The 23rd annual Martin Luther King Jr. Holiday Observance and Sunrise Celebration was held virtually at ALA’s 2022 LibLearnX conference on January 24.

The celebration’s theme this year focused on King’s 1957 speech “Give Us the Ballot—We Will Transform the South,” which he delivered to 25,000 people at the Lincoln Memorial in Washington, D.C., during the Prayer Pilgrimage for Freedom demonstration. The event was organized to urge the federal government to fulfill the three-year-old Brown v. Board of Education decision.

In the address, King acknowledged the Supreme Court ruling as “a great beacon light of hope to millions.” And yet, as he later said, “conniving methods” were still being used to prevent Black people from registering to vote.

Now, 65 years after that speech, recent attempts to restrict voting access have succeeded in many states. As Sunrise Celebration cochair LaJuan Pringle said in his introduction: “Once again the American doctrine of freedom and equality for all people is in jeopardy.”

‘A bitter reminder’

Delivering the event’s keynote was historian and author Keisha N. Blain, who cowrote the award-winning Four Hundred Souls with fellow historian Ibram X. Kendi.

Blain began her talk by discussing the activism of Fannie Lou Hamer, the subject of her new book, Until I Am Free (Beacon, 2021). Hamer, she said, “was the embodiment of King’s vision” because of her work to expand Black political rights.

In 1960s America, “Black people were still shut out of the formal political process,” said Blain, despite the passage of the 13th, 14th, and 15th Amendments, which abolished slavery, granted citizenship to all, including formerly enslaved people, and granted African-American men the right to vote, respectively.

For example, she said, in Hamer’s home state of Mississippi, only 5% of its 450,000 Black residents were registered to vote in the early 1960s. To change this, in April 1964 Hamer joined forces with other activists to form the Mississippi Freedom Democratic Party and a few months later traveled to Atlantic City to attend the 1964 Democratic National Convention (DNC).

“She persisted,” Blain said. Hamer went on to deliver a powerful speech at the DNC, telling stories of the Jim Crow South and the daily racist violence she saw in Mississippi and encountered in the South while working with the Student Nonviolent Coordinating Committee.

“Is this America?” Hamer had asked during her speech, Blain said. “If Americans claimed to be committed to the ideals of liberty and justice for all, then Hamer’s testimony laid bare the full extent of American hypocrisy.” The speech, Blain said, electrified a nation and moved thousands to act.

The following year, with the passage of the Voting Rights Act of 1965, states were required to “overturn decades of restrictive policies that kept Black people away from the ballot box.” As a result, in Mississippi alone, the number of Black residents registered to vote dramatically increased from 28,000 to 280,000, said Blain, and the number of Black elected officials more than doubled.

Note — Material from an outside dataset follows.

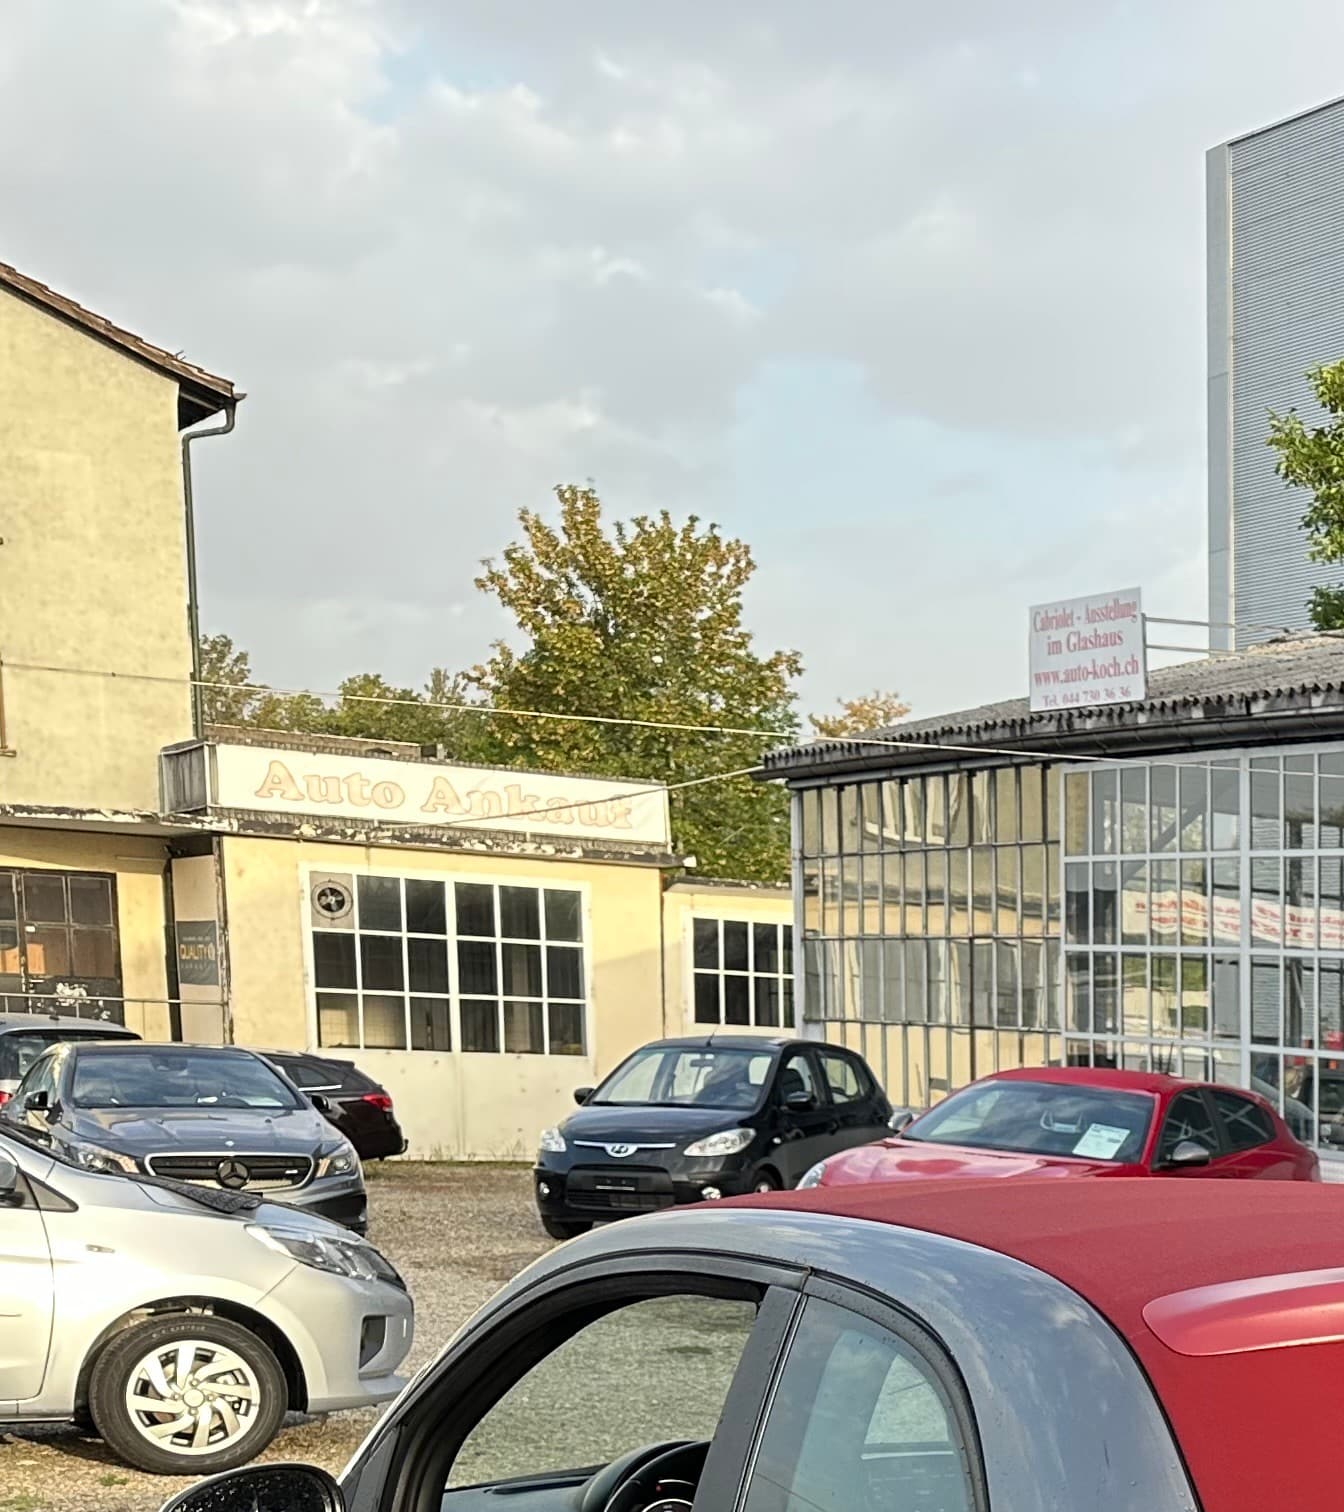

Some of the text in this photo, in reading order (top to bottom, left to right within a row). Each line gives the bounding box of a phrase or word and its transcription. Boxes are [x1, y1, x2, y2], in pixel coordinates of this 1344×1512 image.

“The Voting Rights Act has been under attack since its passage,” she said, citing numbers from the nonprofit Brennan Center for Justice showing that in 2021, 19 states passed 34 laws that restricted voting access. “These developments,” she said, “serve as a bitter reminder that the fight for voting rights is all from over.” Blain concluded: “There is no democracy without equal protection and equal access for all.”

A call to action

ALA Executive Director Tracie D. Hall delivered this year’s call to action. She addressed the “beloved community” of attendees as she reflected on the connection between King’s call for voting access and political transformation. His activism began, Hall said, with “insistence and resistance, but ended with action and responsibility.”

That thinking, she said, transfers over to the library and information services community, “where we face a community of readers and learners that depend on us to advocate for their needs through our practices, protocols, programs, and the policies we shape and accept.”

Though not everyone may see themselves as an activist, Hall said, library workers make critical connections. Those connections may come simply from removing digital access barriers by providing broadband service, devices, and digital literacy skills.

“But even more than a web of programs and services,” Hall said, “we as a community must began to see our membership itself as a movement.” This movement, she said, should be committed to education, access, intellectual freedom, equity, sustainability, and other essential core values.

Citing author and activist Grace Lee Boggs, Hall said we must all take responsibility for improving society: “We are responsible for creating that sense of belonging that leads to deep systemic change.”